Walwa, a town with a population of about 200 people, 56 kilometres west of Corryong, was under threat from a bushfire originating over the nearby NSW border.
But Sandi had just received a call from Ambulance Victoria asking her to attend to six firefighters’ facial burns. By the time she had finished, a roadblock had been established on the road to her home.
‘At the time we did have (mobile phone) communication, so my husband was sending me increasingly distressing texts showing the fire impacting on my own property,’ Sandi said.
From 4am on New Year’s Eve, telecommunications disappeared, with many phone towers in bushfire-affected areas impacted by power outages. It would be three days until Sandi knew whether her husband – and the horses and cattle on their hobby farm – were alive, and their home still standing. It took days to clear the hundreds of trees which had fallen across the road between the town and Sandi’s property.
‘I drove home on the 2nd (January) and was literally home for five minutes to see that all was OK and I came back into work where I’ve pretty much been ever since,’ Sandi said.
She discovered that the fire ‘literally came to my front door’ but five tankers and two firefighting strike teams arrived just in time.
‘They helped my husband save the property. And it turns out that one of the people on those strike teams was the son of one of my nurses here,’ Sandi said.
The bush nursing centre’s patients are community-based and as the town’s residents had been evacuated, most care provided since 30 December has been to firefighters and farmers becoming injured while struggling with extra workload.
‘We’ve seen musculo-skeletal injuries – strains, sprains; fractured ribs, partially amputated fingers, cuts, scrapes,’ Sandi said.
For a week following the 30 December fire incursion, the nursing centre was mainly staffed by volunteers, as staff could not get back to the town. One volunteer was tasked solely with maintaining the generator which powered the centre for 10 days. Another volunteer – Ambulance Victoria-auspiced advanced first aider, Sue Martin, assisted Sandi throughout the bushfire disaster.
As the town’s designated relief centre was unstaffed, the Walwa Bush Nursing Centre kitchen became a proxy food supply base for the firefighters and Sandi and her crew ‘morphed into short order cooks’.
‘Certainly for the first four days we were open 24 hours a day and we were cooking for CFA staff who were arriving exhausted, wanting to sleep on the floor. We’d provide them with a feed and a cup of tea,’ Sandi said. Two weeks later, the centre was still providing food to army personnel.

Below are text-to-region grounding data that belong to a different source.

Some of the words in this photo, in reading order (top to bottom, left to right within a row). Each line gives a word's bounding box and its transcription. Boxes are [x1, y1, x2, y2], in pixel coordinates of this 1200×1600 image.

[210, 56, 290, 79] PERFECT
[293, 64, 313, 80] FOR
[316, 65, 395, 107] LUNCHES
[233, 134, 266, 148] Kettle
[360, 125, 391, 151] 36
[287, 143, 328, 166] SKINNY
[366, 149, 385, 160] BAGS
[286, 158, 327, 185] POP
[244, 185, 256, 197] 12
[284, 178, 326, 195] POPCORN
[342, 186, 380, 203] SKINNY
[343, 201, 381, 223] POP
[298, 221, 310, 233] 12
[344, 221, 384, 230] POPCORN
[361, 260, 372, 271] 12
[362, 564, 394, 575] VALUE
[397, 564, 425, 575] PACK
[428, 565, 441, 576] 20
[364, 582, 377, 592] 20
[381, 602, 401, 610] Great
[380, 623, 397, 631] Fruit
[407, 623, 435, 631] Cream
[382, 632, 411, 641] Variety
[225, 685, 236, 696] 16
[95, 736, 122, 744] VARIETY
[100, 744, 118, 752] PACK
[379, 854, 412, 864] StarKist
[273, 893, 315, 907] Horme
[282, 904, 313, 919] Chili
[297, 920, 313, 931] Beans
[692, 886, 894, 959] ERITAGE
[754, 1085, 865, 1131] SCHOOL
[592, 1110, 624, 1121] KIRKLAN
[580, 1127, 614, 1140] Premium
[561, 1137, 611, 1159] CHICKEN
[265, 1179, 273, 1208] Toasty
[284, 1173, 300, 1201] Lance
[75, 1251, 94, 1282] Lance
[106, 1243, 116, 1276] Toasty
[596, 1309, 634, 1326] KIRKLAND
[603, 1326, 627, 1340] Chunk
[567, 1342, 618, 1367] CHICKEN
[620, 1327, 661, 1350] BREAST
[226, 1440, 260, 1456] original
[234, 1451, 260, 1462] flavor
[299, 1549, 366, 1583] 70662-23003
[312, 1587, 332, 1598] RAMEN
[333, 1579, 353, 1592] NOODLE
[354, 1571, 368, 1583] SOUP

The CFA has saved Walwa as fires flared on three occasions – on 30 December, on 5 and 6 January and on 10 January – and fires are still burning in the area. About 24 homes have been lost, and 90 per cent of farms surrounding Walwa have lost cattle or pasture.
There is a strange solace to the lingering thick smoke, Sandi said, as it means there is no wind to carry the flames back to the town. Then again, there is little vegetation left to burn.
‘People are feeling a bit more comfortable now because properties have been burnt out literally up to their houses,’ she said.